28 сентября 1942 года, через полтора месяца после старта «Манхэттенского проекта», Государственный комитет обороны принял постановление № ГКО-2352сс «Об организации работ по урану». 12 апреля 1943 года при Академии наук СССР создали Лабораторию № 2, руководить которой поставили сорокалетнего Курчатова.

Лаврентий Павлович оказался на высоте. Ему удалось взять под контроль весь ход работ отца ядерного оружия Роберта Оппенгеймера. Через двенадцать дней после сборки первой американской атомной бомбы описание ее устройства уже лежало на столе Берии. Но получаемые бериевскими агентами сведения позволяли лишь скромно копировать американские разработки и в режиме самообразования готовить собственные атомные кадры.

Ближе всех к изобретению ядерного оружия стояла Германия, которой не хватило буквально полугода, чтобы взорвать над небом стран антигитлеровской коалиции «сотни тысяч солнц». Не случайно немецкие физики, чертежи и оборудование стали самой желанной добычей союзников, обладание которой сулило мировое господство.

В отличие от Сталина, ничего не понимавшего в роскоши, Берия умел быть благодарным, осыпав академика Курчатова царскими почестями.

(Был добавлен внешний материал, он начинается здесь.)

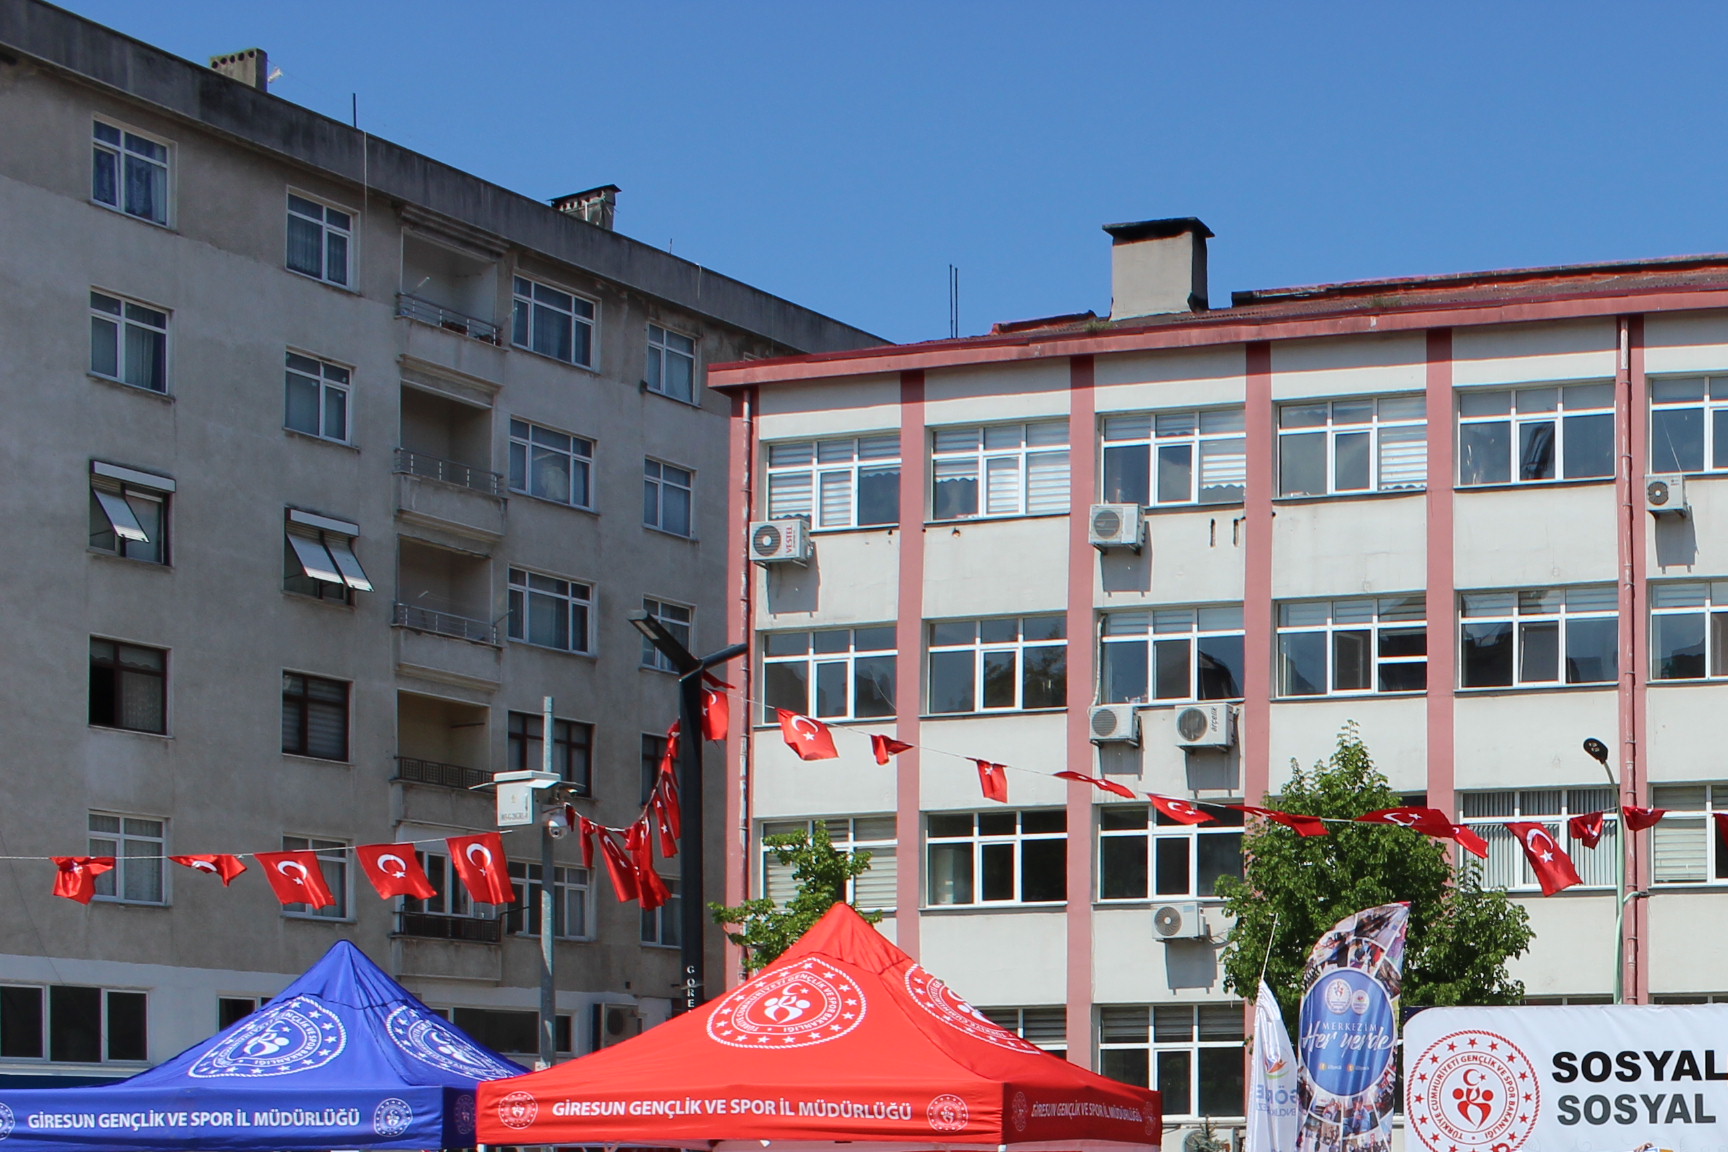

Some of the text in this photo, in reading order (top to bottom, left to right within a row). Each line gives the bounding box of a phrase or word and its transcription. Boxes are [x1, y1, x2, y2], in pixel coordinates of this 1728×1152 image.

[785, 525, 793, 554] VESTEL
[1301, 1020, 1394, 1058] Her yerde
[1552, 1050, 1728, 1083] SOSYAL
[552, 1097, 912, 1121] GİRESUN GENÇLİK VE SPOR İL MÜDÜRLÜĞÜ
[1430, 1054, 1516, 1140] TÜRKİYE CUMHURİYETİ GENÇLİK VE SPOR BAKANLIĞI
[1557, 1093, 1716, 1126] SOSYAL
[27, 1108, 361, 1131] GİRESUN GENÇLİK VE SPOR İL MÜDÜRLÜĞÜ

Игорь Васильевич по итогам испытаний первой атомной бомбы получил полмиллиона рублей, особняк в Москве, дачу в Подмосковье и правительственный ЗИС-110.

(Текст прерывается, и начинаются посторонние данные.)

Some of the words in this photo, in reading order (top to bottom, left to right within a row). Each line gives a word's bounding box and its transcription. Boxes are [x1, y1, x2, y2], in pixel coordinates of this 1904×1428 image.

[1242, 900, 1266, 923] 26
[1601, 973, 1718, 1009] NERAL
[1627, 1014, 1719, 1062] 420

К первому января 1951 года в арсенале страны насчитывалось уже девять атомных бомб, но, лежавшие в кладовой, они продолжали оставаться лишь гордостью научных достижений и испытательным материалом, но не грозным оружием. Не себя же бомбой подрывать, а до супостата три с лишним тонны накрепко запаянного в металлическую обертку «солнца с бурей» надо еще исхитриться добросить. И только 18 октября 1951 года, сбросив с дальнего тяжелого бомбардировщика Ту-4 атомную бомбу РДС-3 в сорок две килотонны мощностью, взорвавшуюся в 380 метрах над Семипалатинским полигоном, удалось, наконец, уравняться в силе с Америкой.

Атомный триумф Берия замкнул на себя, став незаменимым посредником между Сталиным, учеными и сотнями тысяч советских граждан, отдававших силы и здоровье ядерной славе Красной империи.

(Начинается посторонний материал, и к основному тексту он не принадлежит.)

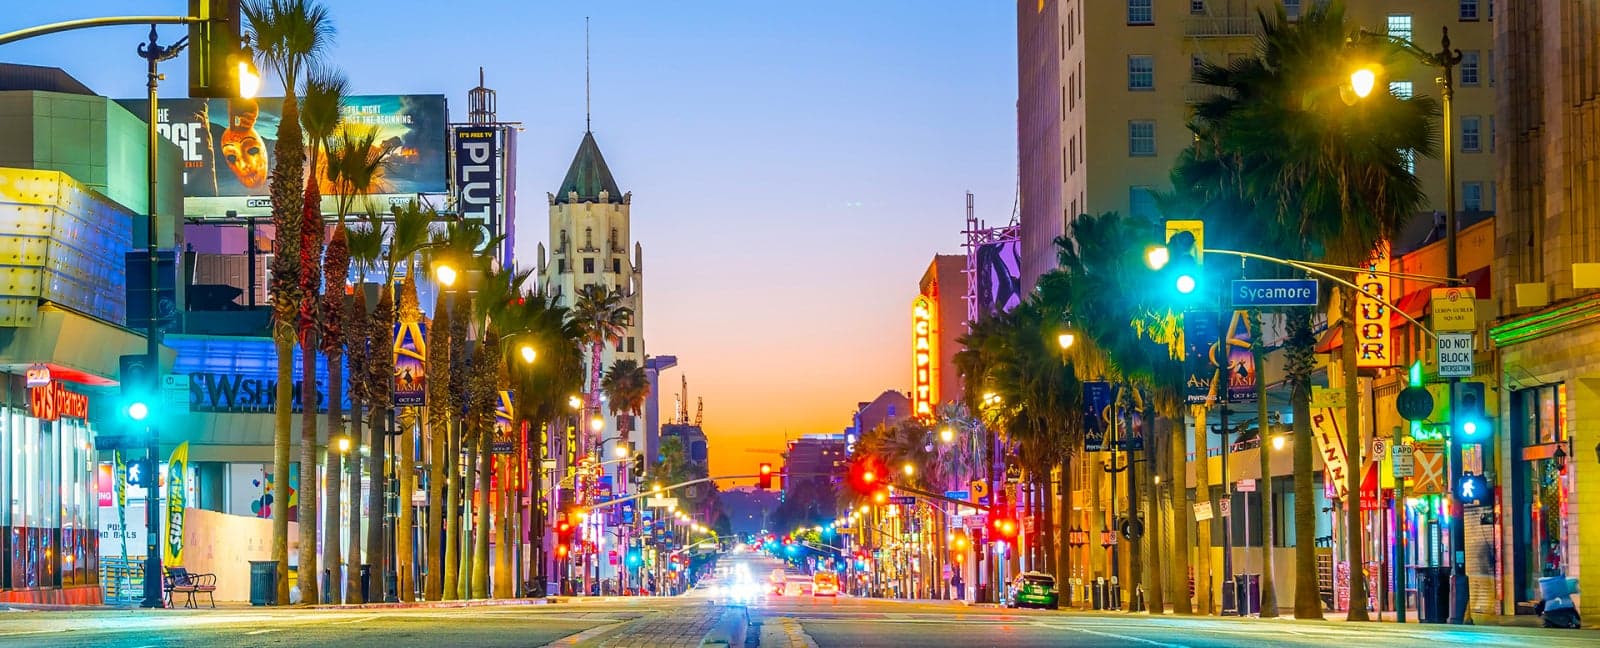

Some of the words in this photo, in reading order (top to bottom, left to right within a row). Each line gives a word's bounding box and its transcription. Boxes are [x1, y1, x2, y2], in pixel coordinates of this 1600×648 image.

[157, 108, 169, 122] HE
[1240, 286, 1311, 302] Sycamore
[1361, 252, 1386, 360] IQUOR
[1439, 339, 1451, 349] DO
[1454, 339, 1470, 349] NOT
[1441, 352, 1470, 362] BLOCK
[917, 321, 929, 414] CAPITA
[1313, 413, 1349, 498] PIZZA

Лаврентий Павлович понимал, что пока в глазах Сталина является единоличным руководителем атомного проекта, он неприкосновенен, и вождь раз за разом будет закрывать глаза на внутриполитические шалости своего техногенного маршала, прощая даже убийства собственных соратников. Но теперь-то дело сделано, работа налажена, планы начертаны на много лет вперед. Конечно, еще продолжалась работа, начатая в августе 1950 года, над зенитно-ракетной системой противовоздушной обороны «Беркут», которой занималась КБ-1, где на должности главного конструктора трудился сын Лаврентия Павловича – Серго. Еще через месяц, на ноябрь 52-го, запланированы испытания водородной бомбы, успех которых окончательно выведет СССР в лидеры ядерной гонки. И на этом незаменимость Берии будет исчерпана. Вместо него может встать Ванников. Да кто угодно может управлять созданной и отлаженной им отраслью. И вот тогда на Берию вместо очередных орденов и регалий повесят расстрельные дела, перегибы и бесчинства, как в свое время на Ежова.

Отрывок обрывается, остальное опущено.